280") to address the problem. P.L. 280 conferred jurisdiction on certain
states over most or all of Indian country within their borders and suspended
enforcement of the Major Crimes Act, 18 U.S.C. §
1153, and the General Crimes
Act (or Inter-racial Crimes Act), 18 U.S.C. §
1152, in those areas. The statute
also authorized other states to assume that jurisdiction. This effort to allow
local authorities to address local criminal conditions was not intended to
deprive tribal governments of their authority. As a result, the federal
government and the vast majority of state and federal courts to consider the
issue have agreed that tribes retain concurrent jurisdiction to enforce laws in
Indian country. In addition, the Federal Government retains jurisdiction to
enforce all federal criminal laws in Indian country except sections 1152 and
1153 of Title 18.
The United States recognizes Indian tribes as
"domestic dependent nations," Cherokee Nation v. Georgia, 30 U.S. (5
Pet.) 1, 17 (1831), with retained sovereignty over their members and territory,
E.O. 13084, Consultation and Coordination with Indian Tribal Governments (May
14, 1998). Tribes do not draw their powers from any source of federal law.

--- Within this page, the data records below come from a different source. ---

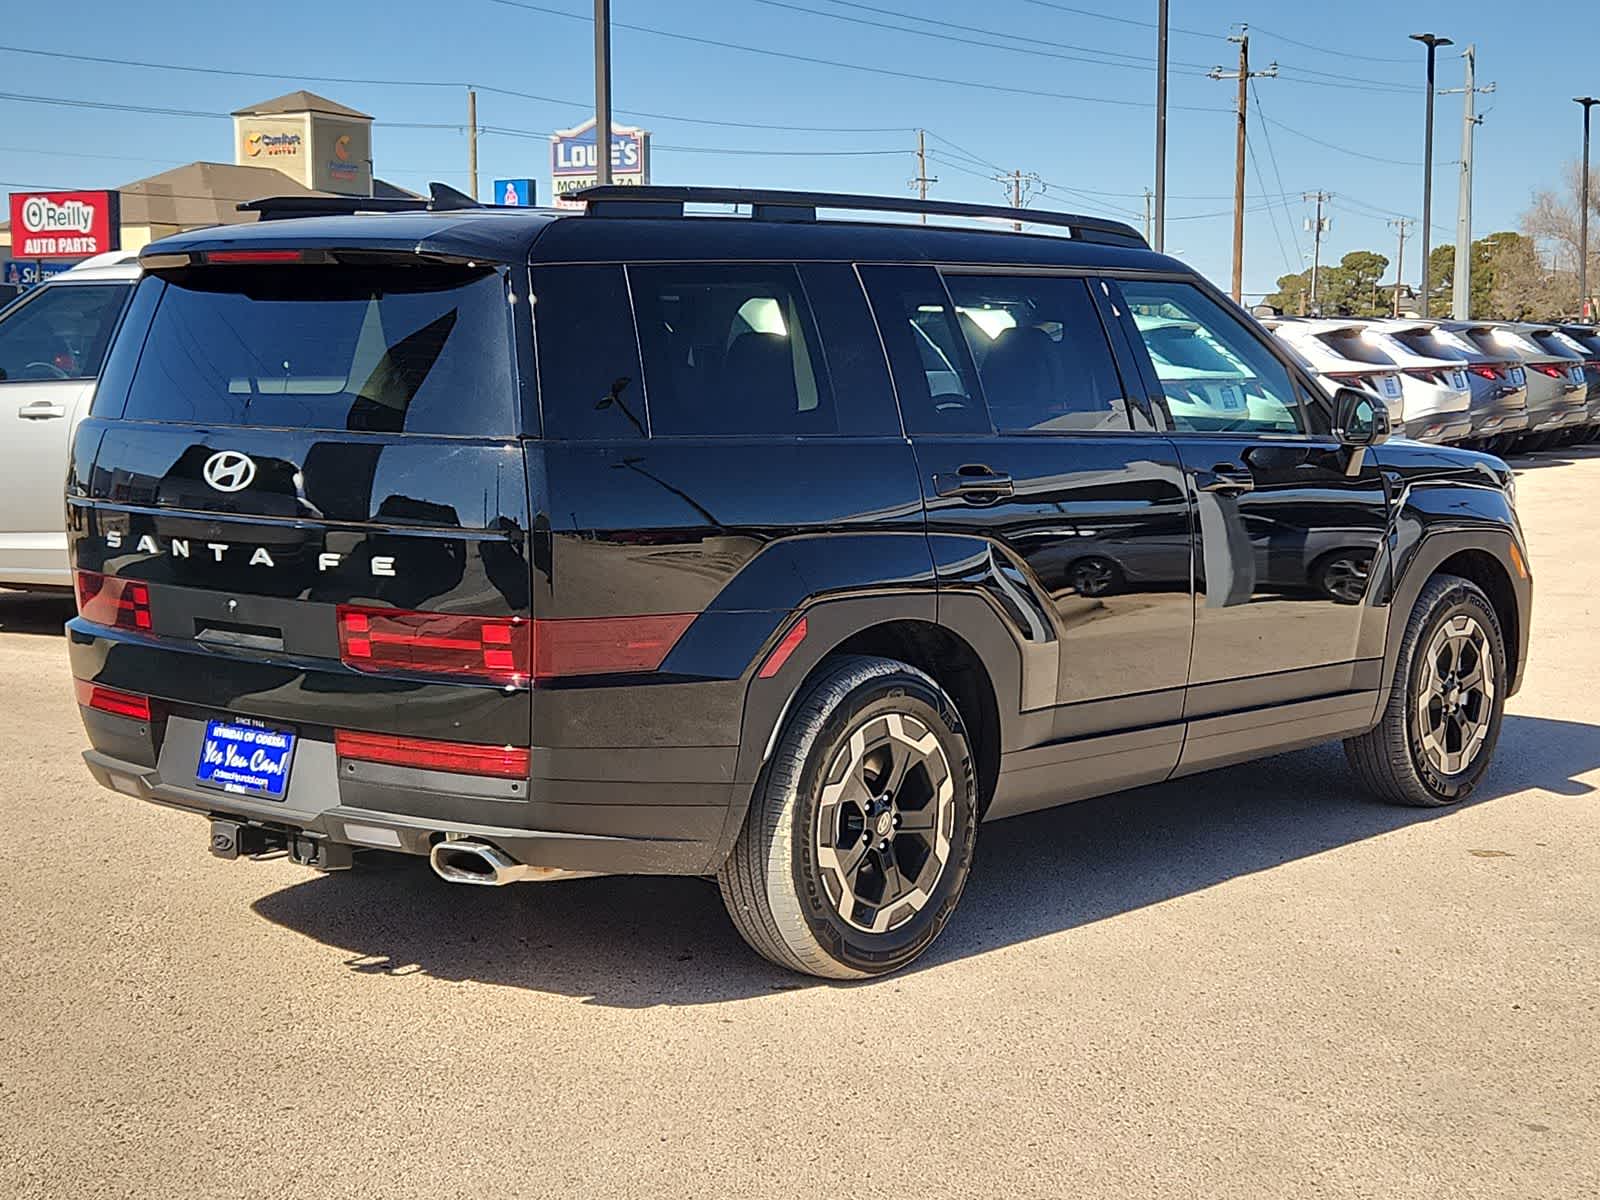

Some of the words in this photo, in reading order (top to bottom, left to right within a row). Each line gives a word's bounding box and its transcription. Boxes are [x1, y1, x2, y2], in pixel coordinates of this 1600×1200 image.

[24, 200, 92, 231] O'Reilly
[24, 238, 56, 254] AUTO
[57, 237, 97, 253] PARTS
[105, 529, 276, 568] SANTA
[319, 552, 397, 577] FE
[204, 740, 223, 765] Yes
[224, 743, 248, 768] You
[250, 748, 287, 776] Can!

Rather, they are the inherent powers of sovereigns that pre-exist the federal
Union. United States v. Wheeler, 435 U.S. 313, 323-24
(1978); Talton v. Mayes,
163 U.S. 376, 384 (1896). Congress has the power to adjust inherent tribal
powers, see Santa Clara Pueblo v. Martinez, 436 U.S. 49, 56
(1978), but courts
will ordinarily conclude that tribal powers remain intact absent a "clear
indication" of congressional intent to limit them, Merrion v. Jicarilla
Apache Tribe, 455 U.S. 130, 149 (1982); see also Iowa Mutual Ins. Co. v.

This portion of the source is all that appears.